* Source records
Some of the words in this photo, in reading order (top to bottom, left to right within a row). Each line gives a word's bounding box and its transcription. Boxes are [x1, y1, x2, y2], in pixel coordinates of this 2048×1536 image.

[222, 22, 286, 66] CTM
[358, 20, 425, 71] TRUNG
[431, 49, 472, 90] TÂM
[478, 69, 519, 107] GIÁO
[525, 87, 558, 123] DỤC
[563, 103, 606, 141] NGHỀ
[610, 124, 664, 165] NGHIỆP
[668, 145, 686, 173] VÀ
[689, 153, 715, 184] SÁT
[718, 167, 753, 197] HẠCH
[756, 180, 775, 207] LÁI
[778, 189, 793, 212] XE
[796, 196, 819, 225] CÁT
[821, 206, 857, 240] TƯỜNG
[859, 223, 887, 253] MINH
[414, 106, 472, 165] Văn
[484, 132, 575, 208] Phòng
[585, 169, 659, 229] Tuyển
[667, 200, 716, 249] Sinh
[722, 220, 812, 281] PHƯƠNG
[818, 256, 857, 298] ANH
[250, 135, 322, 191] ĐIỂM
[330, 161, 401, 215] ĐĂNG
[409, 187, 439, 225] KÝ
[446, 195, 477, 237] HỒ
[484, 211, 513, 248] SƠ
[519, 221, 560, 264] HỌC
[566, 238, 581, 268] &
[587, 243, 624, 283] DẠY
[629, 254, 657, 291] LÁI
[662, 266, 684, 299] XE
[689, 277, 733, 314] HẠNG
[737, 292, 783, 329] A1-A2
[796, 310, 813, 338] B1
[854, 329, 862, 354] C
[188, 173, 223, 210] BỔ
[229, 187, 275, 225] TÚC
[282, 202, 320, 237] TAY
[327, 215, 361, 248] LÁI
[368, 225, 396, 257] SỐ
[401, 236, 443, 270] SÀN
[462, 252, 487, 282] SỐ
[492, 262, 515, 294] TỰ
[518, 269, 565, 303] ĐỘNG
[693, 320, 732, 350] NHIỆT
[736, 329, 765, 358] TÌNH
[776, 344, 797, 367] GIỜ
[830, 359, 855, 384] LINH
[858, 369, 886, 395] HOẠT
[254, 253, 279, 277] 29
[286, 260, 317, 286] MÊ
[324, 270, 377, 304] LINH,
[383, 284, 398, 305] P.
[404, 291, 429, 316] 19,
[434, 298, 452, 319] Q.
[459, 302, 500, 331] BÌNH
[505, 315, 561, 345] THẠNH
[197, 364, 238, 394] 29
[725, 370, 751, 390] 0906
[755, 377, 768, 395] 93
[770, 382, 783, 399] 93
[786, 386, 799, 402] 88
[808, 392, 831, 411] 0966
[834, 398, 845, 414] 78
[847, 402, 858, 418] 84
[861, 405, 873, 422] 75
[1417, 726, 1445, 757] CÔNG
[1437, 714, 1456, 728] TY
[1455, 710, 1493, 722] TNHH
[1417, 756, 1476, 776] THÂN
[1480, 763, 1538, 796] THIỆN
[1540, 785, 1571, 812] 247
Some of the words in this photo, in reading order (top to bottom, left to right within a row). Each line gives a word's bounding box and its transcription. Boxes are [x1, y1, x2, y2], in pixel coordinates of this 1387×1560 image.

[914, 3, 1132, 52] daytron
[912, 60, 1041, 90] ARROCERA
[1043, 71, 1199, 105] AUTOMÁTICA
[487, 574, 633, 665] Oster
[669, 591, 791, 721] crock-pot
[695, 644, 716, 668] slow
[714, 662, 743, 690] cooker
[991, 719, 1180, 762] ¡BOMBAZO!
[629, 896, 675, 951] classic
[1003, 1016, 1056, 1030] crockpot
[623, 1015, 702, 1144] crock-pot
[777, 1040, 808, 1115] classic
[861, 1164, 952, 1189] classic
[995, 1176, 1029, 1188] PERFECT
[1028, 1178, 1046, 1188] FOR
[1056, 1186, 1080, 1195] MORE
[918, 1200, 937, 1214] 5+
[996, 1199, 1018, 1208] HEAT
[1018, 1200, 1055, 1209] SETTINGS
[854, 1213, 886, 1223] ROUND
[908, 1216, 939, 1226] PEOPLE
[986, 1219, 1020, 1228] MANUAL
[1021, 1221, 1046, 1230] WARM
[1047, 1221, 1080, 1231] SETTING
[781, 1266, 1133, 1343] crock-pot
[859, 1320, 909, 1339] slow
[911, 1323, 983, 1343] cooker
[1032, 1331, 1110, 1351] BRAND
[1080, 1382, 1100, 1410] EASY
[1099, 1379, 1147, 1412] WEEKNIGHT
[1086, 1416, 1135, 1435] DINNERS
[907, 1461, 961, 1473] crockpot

* What is required
Take the entries above and repeat them. Alter nothing.

* Written answer
Some of the words in this photo, in reading order (top to bottom, left to right within a row). Each line gives a word's bounding box and its transcription. Boxes are [x1, y1, x2, y2], in pixel coordinates of this 2048×1536 image.

[222, 22, 286, 66] CTM
[358, 20, 425, 71] TRUNG
[431, 49, 472, 90] TÂM
[478, 69, 519, 107] GIÁO
[525, 87, 558, 123] DỤC
[563, 103, 606, 141] NGHỀ
[610, 124, 664, 165] NGHIỆP
[668, 145, 686, 173] VÀ
[689, 153, 715, 184] SÁT
[718, 167, 753, 197] HẠCH
[756, 180, 775, 207] LÁI
[778, 189, 793, 212] XE
[796, 196, 819, 225] CÁT
[821, 206, 857, 240] TƯỜNG
[859, 223, 887, 253] MINH
[414, 106, 472, 165] Văn
[484, 132, 575, 208] Phòng
[585, 169, 659, 229] Tuyển
[667, 200, 716, 249] Sinh
[722, 220, 812, 281] PHƯƠNG
[818, 256, 857, 298] ANH
[250, 135, 322, 191] ĐIỂM
[330, 161, 401, 215] ĐĂNG
[409, 187, 439, 225] KÝ
[446, 195, 477, 237] HỒ
[484, 211, 513, 248] SƠ
[519, 221, 560, 264] HỌC
[566, 238, 581, 268] &
[587, 243, 624, 283] DẠY
[629, 254, 657, 291] LÁI
[662, 266, 684, 299] XE
[689, 277, 733, 314] HẠNG
[737, 292, 783, 329] A1-A2
[796, 310, 813, 338] B1
[854, 329, 862, 354] C
[188, 173, 223, 210] BỔ
[229, 187, 275, 225] TÚC
[282, 202, 320, 237] TAY
[327, 215, 361, 248] LÁI
[368, 225, 396, 257] SỐ
[401, 236, 443, 270] SÀN
[462, 252, 487, 282] SỐ
[492, 262, 515, 294] TỰ
[518, 269, 565, 303] ĐỘNG
[693, 320, 732, 350] NHIỆT
[736, 329, 765, 358] TÌNH
[776, 344, 797, 367] GIỜ
[830, 359, 855, 384] LINH
[858, 369, 886, 395] HOẠT
[254, 253, 279, 277] 29
[286, 260, 317, 286] MÊ
[324, 270, 377, 304] LINH,
[383, 284, 398, 305] P.
[404, 291, 429, 316] 19,
[434, 298, 452, 319] Q.
[459, 302, 500, 331] BÌNH
[505, 315, 561, 345] THẠNH
[197, 364, 238, 394] 29
[725, 370, 751, 390] 0906
[755, 377, 768, 395] 93
[770, 382, 783, 399] 93
[786, 386, 799, 402] 88
[808, 392, 831, 411] 0966
[834, 398, 845, 414] 78
[847, 402, 858, 418] 84
[861, 405, 873, 422] 75
[1417, 726, 1445, 757] CÔNG
[1437, 714, 1456, 728] TY
[1455, 710, 1493, 722] TNHH
[1417, 756, 1476, 776] THÂN
[1480, 763, 1538, 796] THIỆN
[1540, 785, 1571, 812] 247
Some of the words in this photo, in reading order (top to bottom, left to right within a row). Each line gives a word's bounding box and its transcription. Boxes are [x1, y1, x2, y2], in pixel coordinates of this 1387×1560 image.

[914, 3, 1132, 52] daytron
[912, 60, 1041, 90] ARROCERA
[1043, 71, 1199, 105] AUTOMÁTICA
[487, 574, 633, 665] Oster
[669, 591, 791, 721] crock-pot
[695, 644, 716, 668] slow
[714, 662, 743, 690] cooker
[991, 719, 1180, 762] ¡BOMBAZO!
[629, 896, 675, 951] classic
[1003, 1016, 1056, 1030] crockpot
[623, 1015, 702, 1144] crock-pot
[777, 1040, 808, 1115] classic
[861, 1164, 952, 1189] classic
[995, 1176, 1029, 1188] PERFECT
[1028, 1178, 1046, 1188] FOR
[1056, 1186, 1080, 1195] MORE
[918, 1200, 937, 1214] 5+
[996, 1199, 1018, 1208] HEAT
[1018, 1200, 1055, 1209] SETTINGS
[854, 1213, 886, 1223] ROUND
[908, 1216, 939, 1226] PEOPLE
[986, 1219, 1020, 1228] MANUAL
[1021, 1221, 1046, 1230] WARM
[1047, 1221, 1080, 1231] SETTING
[781, 1266, 1133, 1343] crock-pot
[859, 1320, 909, 1339] slow
[911, 1323, 983, 1343] cooker
[1032, 1331, 1110, 1351] BRAND
[1080, 1382, 1100, 1410] EASY
[1099, 1379, 1147, 1412] WEEKNIGHT
[1086, 1416, 1135, 1435] DINNERS
[907, 1461, 961, 1473] crockpot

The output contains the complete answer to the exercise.